Wolf has been involved in several high-profile privacy cases, including his representation of CIA officer Valerie Plame and her husband Joseph Wilson in a civil suit after her status with the CIA was disclosed to journalists. Plame and Wilson are no longer clients of Wolf's, and he declined to say whether any current clients would follow him to Hogan.
The addition of Wolf comes just after Hogan recently lost two high-profile lawyers to the Obama administration. In January, Obama nominated former partner Christine Varney to serve as assistant attorney general for the antitrust division in the Department of Justice. More recently, in February, Homeland Security secretary Janet Napolitano appointed former partner Mary Ellen Callahan to serve as the chief privacy officer of Homeland Security.

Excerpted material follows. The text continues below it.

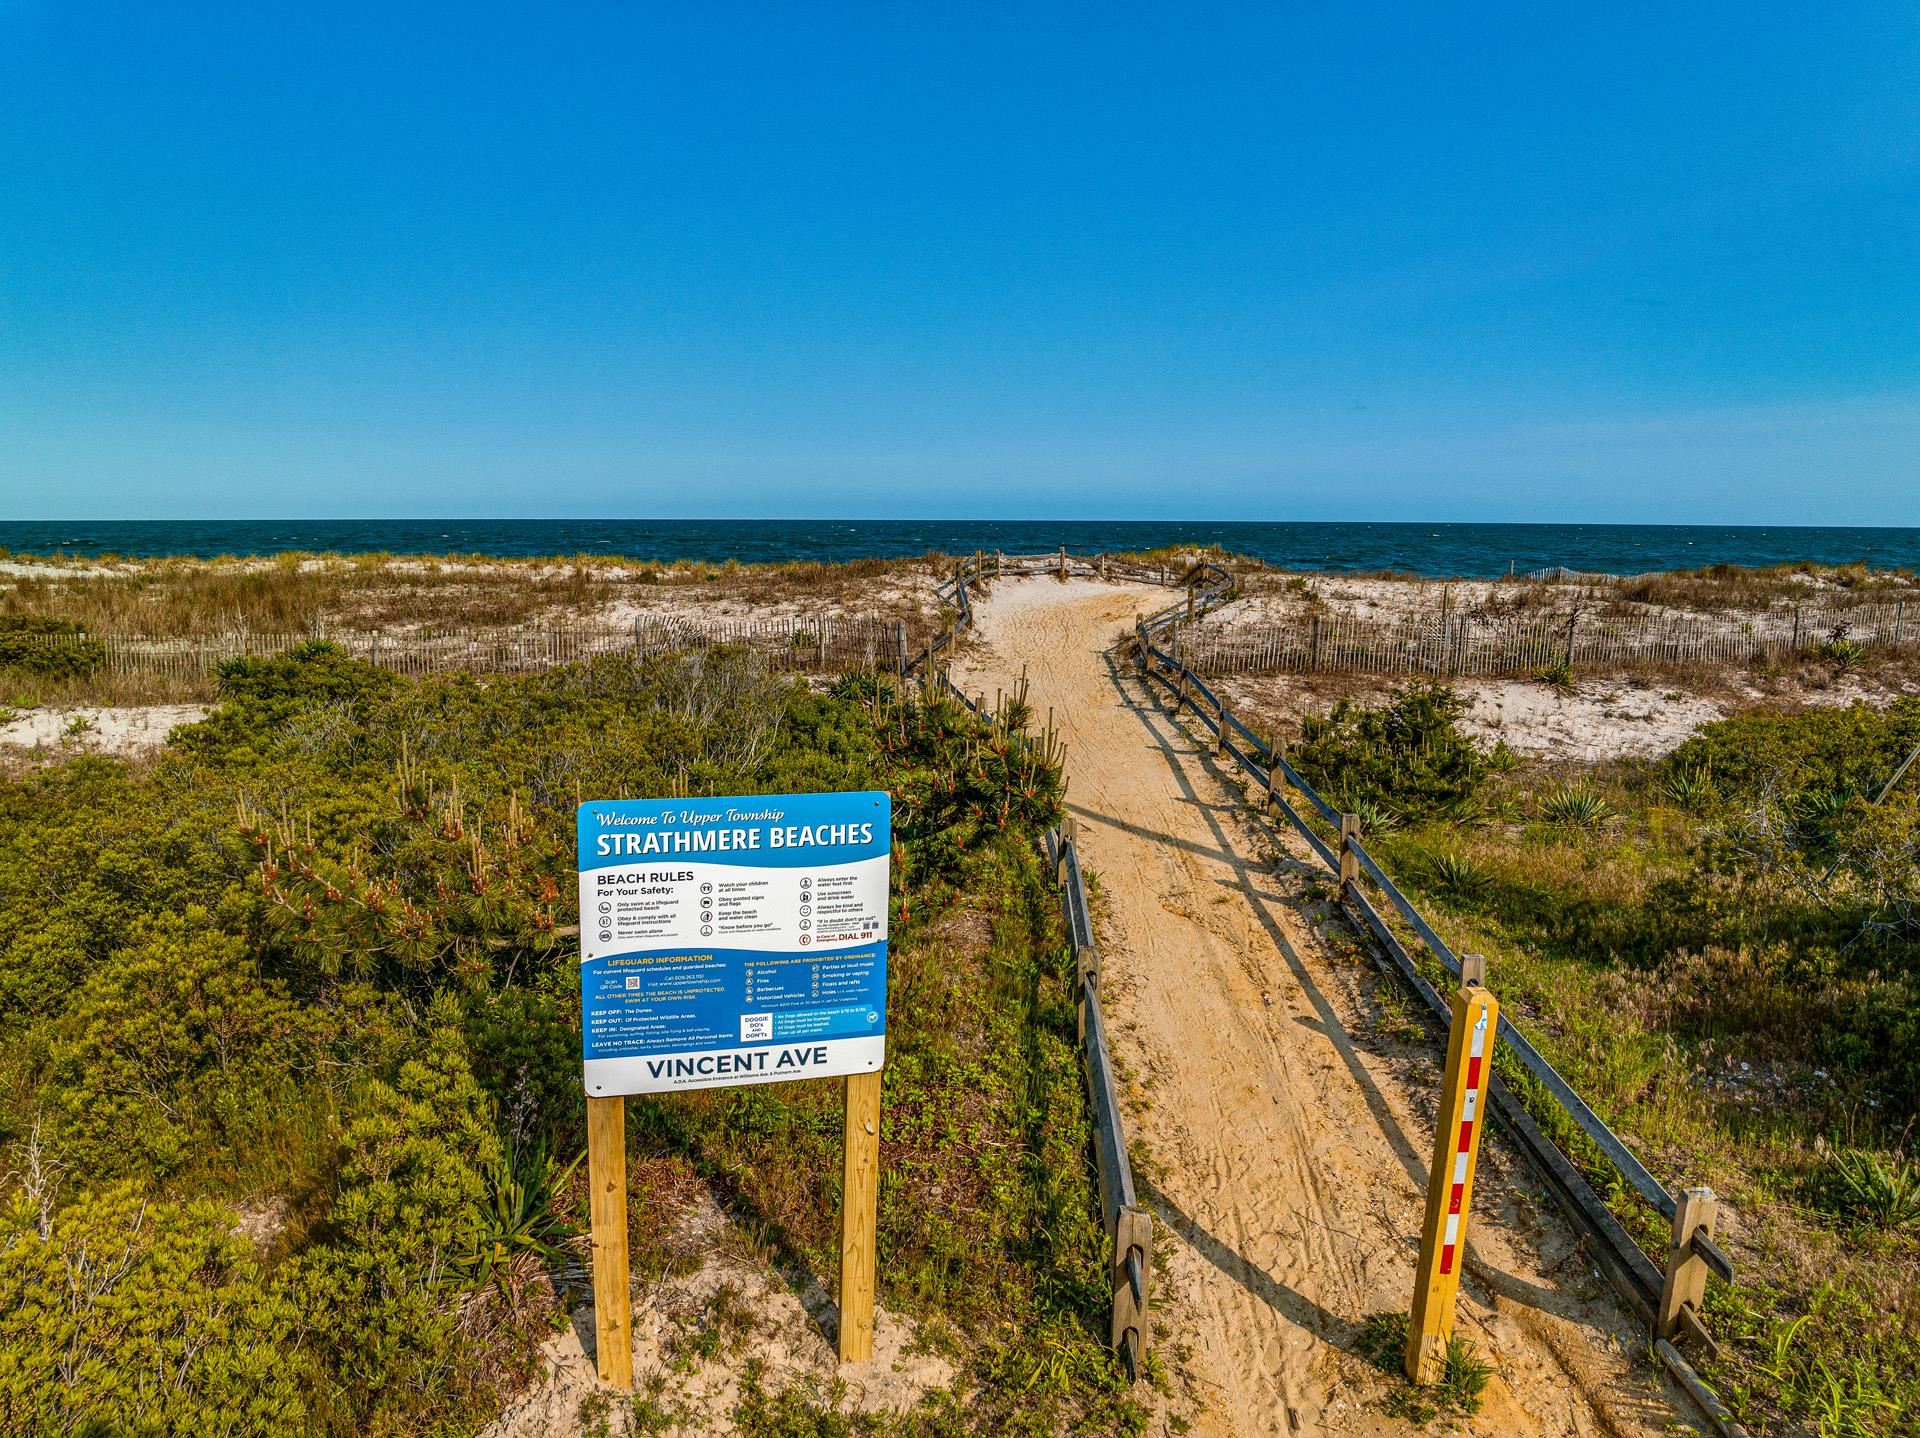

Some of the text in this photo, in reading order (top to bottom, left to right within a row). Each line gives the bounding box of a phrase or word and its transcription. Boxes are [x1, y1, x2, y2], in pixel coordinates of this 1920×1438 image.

"It was a difficult decision leaving Proskauer and I have the highest regard for that firm." says Wolf, who was approached by Hogan to join the firm. "Hogan offered a stronger platform for my practice and given the recent departures, there was a need for additional leadership."
Wolf's ties to Hogan began more than 100 years ago. Before Wolf joined the private sector in 1982 with Arnold & Porter, Wolf was a law clerk for U.S. District Judge Aubrey Robinson. On his last day, Judge Robinson gave Wolf a photo of the D.C. bench and bar from 1907. More recently, upon closer examination while packing his things at Proskauer, two men in the photo jumped out at Wolf -- his grandfather Alexander Wolf and Hogan & Hartson founder Frank Hogan.
Christopher Wolf says: "I guess Wolf and Hogan are back together again."